Après réception du procès-verbal d’enquête du Fonds des Accidents du Travail, l’entreprise d’assurances maintient sa position.

Sa mère, ayant droit, introduit alors une procédure, aux fins d’obtenir la condamnation de l’entreprise d’assurances à verser les indemnités légales. L’assureur s’oppose à la demande, invoquant que le trajet n’a pas pour point de départ la résidence du travailleur.

La décision du tribunal

Sur le plan des principes, le Tribunal rappelle que le chemin du travail au sens légal est défini à partir de trois notions : la résidence du travailleur, le lieu d’exécution du contrat de travail et le trajet normal parcouru entre ces deux localisations.

Quant à la résidence, le Tribunal, se fondant sur l’enseignement de la Cour de cassation (notamment Cass., 29 juin 1998, J.T.T., 1998, p. 475), précise que le travailleur peut en avoir plusieurs (par exemple en semaine et le week-end) mais que la pluralité de résidences ne peut se réaliser simultanément. Pour que l’on puisse parler de seconde résidence, il est nécessaire que le travailleur ait eu l’intention, avant d’entamer le trajet, d’y fixer même temporairement son habitation.

Examinant ensuite les données de l’espèce, le Tribunal constate que Mlle D. a, lors de sa sortie à Binche la veille, rencontré par hasard l’ami, dans l’appartement de la famille duquel elle a passé une partie de la nuit. Vu le caractère imprévu de la rencontre, le Tribunal estime qu’elle n’a pas eu l’intention de fixer son habitation dans le local en question, d’autant que les intéressés n’y ont passé que quelques heures et qu’aucun autre élément du dossier ne permet de penser le contraire.

Quant à l’argument soulevé par la maman, selon lequel l’accident est survenu sur le trajet (théorique) normal entre la résidence habituelle (chez la maman) et lieu du travail (l’intéressée passant devant la boucherie pour se rendre au travail), le Tribunal l’écarte, rappelant que le départ de la résidence fait partie des éléments constitutifs de la notion d’accident sur le chemin du travail.
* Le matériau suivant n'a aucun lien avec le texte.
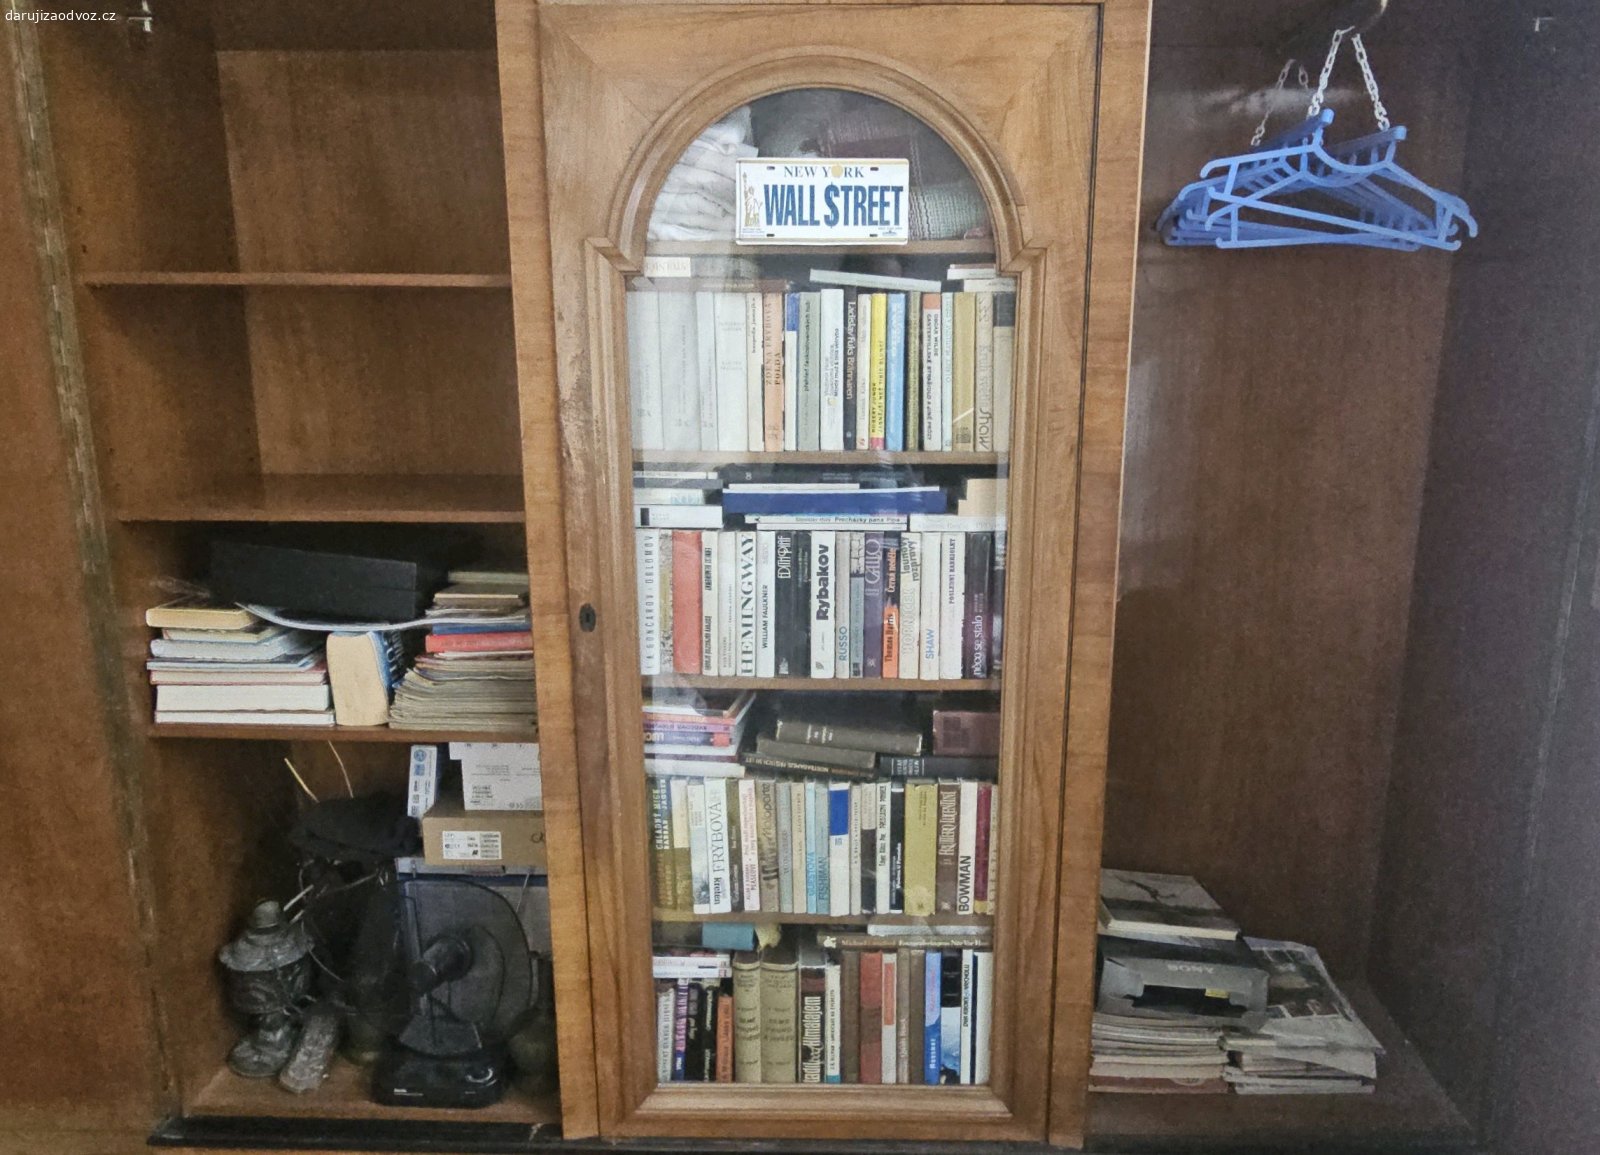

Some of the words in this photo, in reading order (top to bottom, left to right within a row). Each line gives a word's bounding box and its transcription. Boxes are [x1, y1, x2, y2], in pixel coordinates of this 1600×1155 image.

[784, 166, 817, 178] NEW
[764, 184, 820, 226] WALL
[848, 302, 856, 336] Ladislav
[978, 408, 991, 451] Shaw
[644, 536, 654, 584] OBLOMOV
[761, 584, 769, 618] FAULKNER
[816, 544, 830, 621] Rybakov
[644, 595, 654, 649] GONČAROV
[740, 534, 754, 674] HEMINGWAY
[761, 620, 769, 649] WILLIAM
[838, 626, 848, 661] RUSSO
[924, 628, 935, 660] SHAW
[970, 614, 983, 638] stalo
[970, 652, 983, 677] něco
[974, 640, 984, 651] se
[708, 802, 725, 872] FRYBOVÁ
[818, 856, 828, 900] FISHMAN
[958, 855, 972, 912] BOWMAN
Il se fonde notamment sur l’arrêt du 13 octobre 2003 de la Cour de cassation (R.G. S020038F, Juridat).

L’accident étant survenu sur un trajet dont le point de départ n’est pas la résidence de la victime, le Tribunal considère qu’il ne s’agit pas d’un accident sur le chemin du travail et déboute en conséquence la mère de sa demande.

Intérêt de la décision

Cette décision est conforme aux principes dégagés par la Cour de cassation.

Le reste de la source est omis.